*** Opening of AVAILABLE RECORDS ***

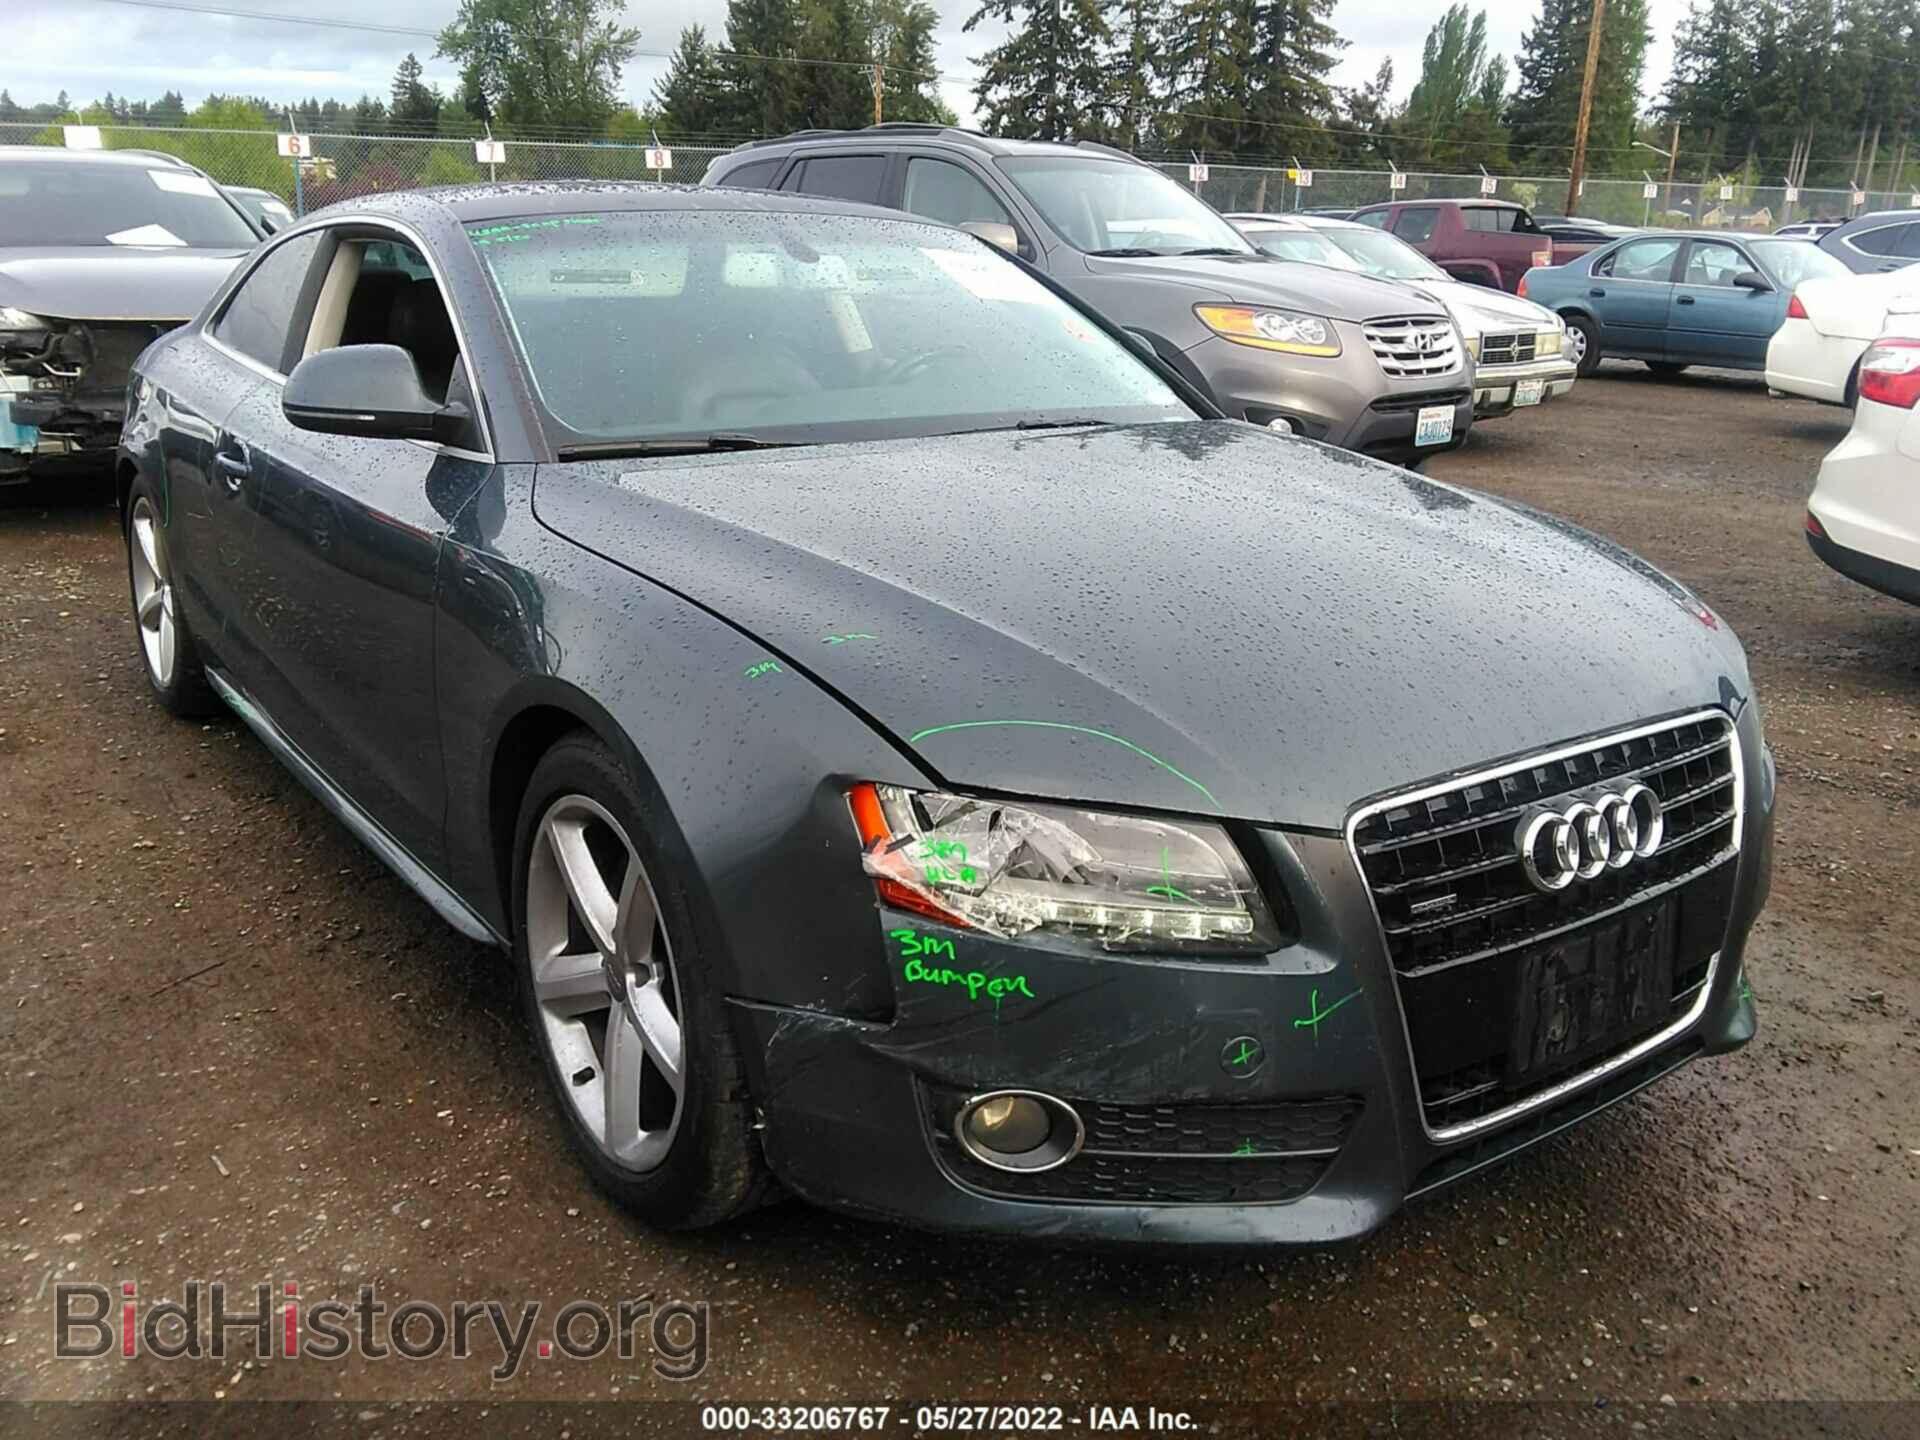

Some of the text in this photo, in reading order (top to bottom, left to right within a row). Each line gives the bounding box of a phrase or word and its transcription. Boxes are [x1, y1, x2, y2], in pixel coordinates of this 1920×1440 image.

[288, 136, 301, 155] 6
[486, 143, 495, 161] 7
[654, 150, 664, 167] 8
[1193, 165, 1205, 180] 12
[1299, 170, 1310, 185] 13
[1394, 175, 1403, 187] 14
[1485, 178, 1494, 192] 15
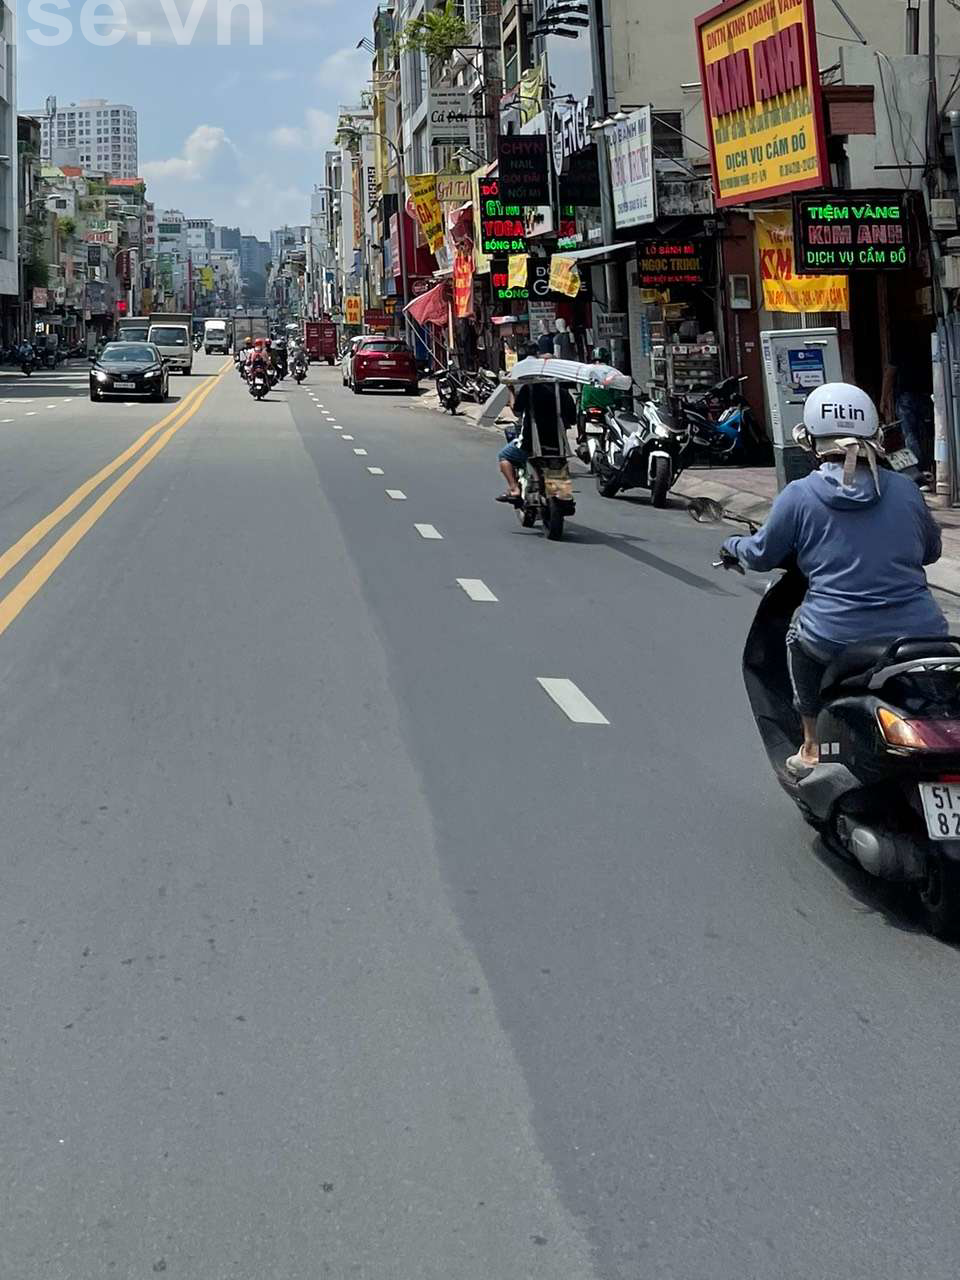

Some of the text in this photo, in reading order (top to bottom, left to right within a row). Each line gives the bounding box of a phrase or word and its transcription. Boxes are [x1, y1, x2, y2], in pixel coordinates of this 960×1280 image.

[726, 14, 747, 40] KINH
[747, 0, 776, 30] DOANH
[705, 22, 807, 118] KIM ANH
[725, 149, 749, 173] DỊCH
[750, 145, 764, 167] VỤ
[808, 203, 900, 221] TIỆM VÀNG
[808, 224, 903, 245] KIM ANH
[807, 251, 835, 266] DỊCH
[839, 251, 854, 266] VỤ
[821, 403, 865, 422] Fit in

*** Close of AVAILABLE RECORDS ***

_WHAT IS NEEDED_
The answer must be an exact reproduction of the records, with every picture left out.

_ANSWER SECTION_
Some of the text in this photo, in reading order (top to bottom, left to right within a row). Each line gives the bounding box of a phrase or word and its transcription. Boxes are [x1, y1, x2, y2], in pixel coordinates of this 1920×1440 image.

[288, 136, 301, 155] 6
[486, 143, 495, 161] 7
[654, 150, 664, 167] 8
[1193, 165, 1205, 180] 12
[1299, 170, 1310, 185] 13
[1394, 175, 1403, 187] 14
[1485, 178, 1494, 192] 15

Some of the text in this photo, in reading order (top to bottom, left to right within a row). Each line gives the bounding box of a phrase or word and its transcription. Boxes are [x1, y1, x2, y2], in pixel coordinates of this 960×1280 image.

[726, 14, 747, 40] KINH
[747, 0, 776, 30] DOANH
[705, 22, 807, 118] KIM ANH
[725, 149, 749, 173] DỊCH
[750, 145, 764, 167] VỤ
[808, 203, 900, 221] TIỆM VÀNG
[808, 224, 903, 245] KIM ANH
[807, 251, 835, 266] DỊCH
[839, 251, 854, 266] VỤ
[821, 403, 865, 422] Fit in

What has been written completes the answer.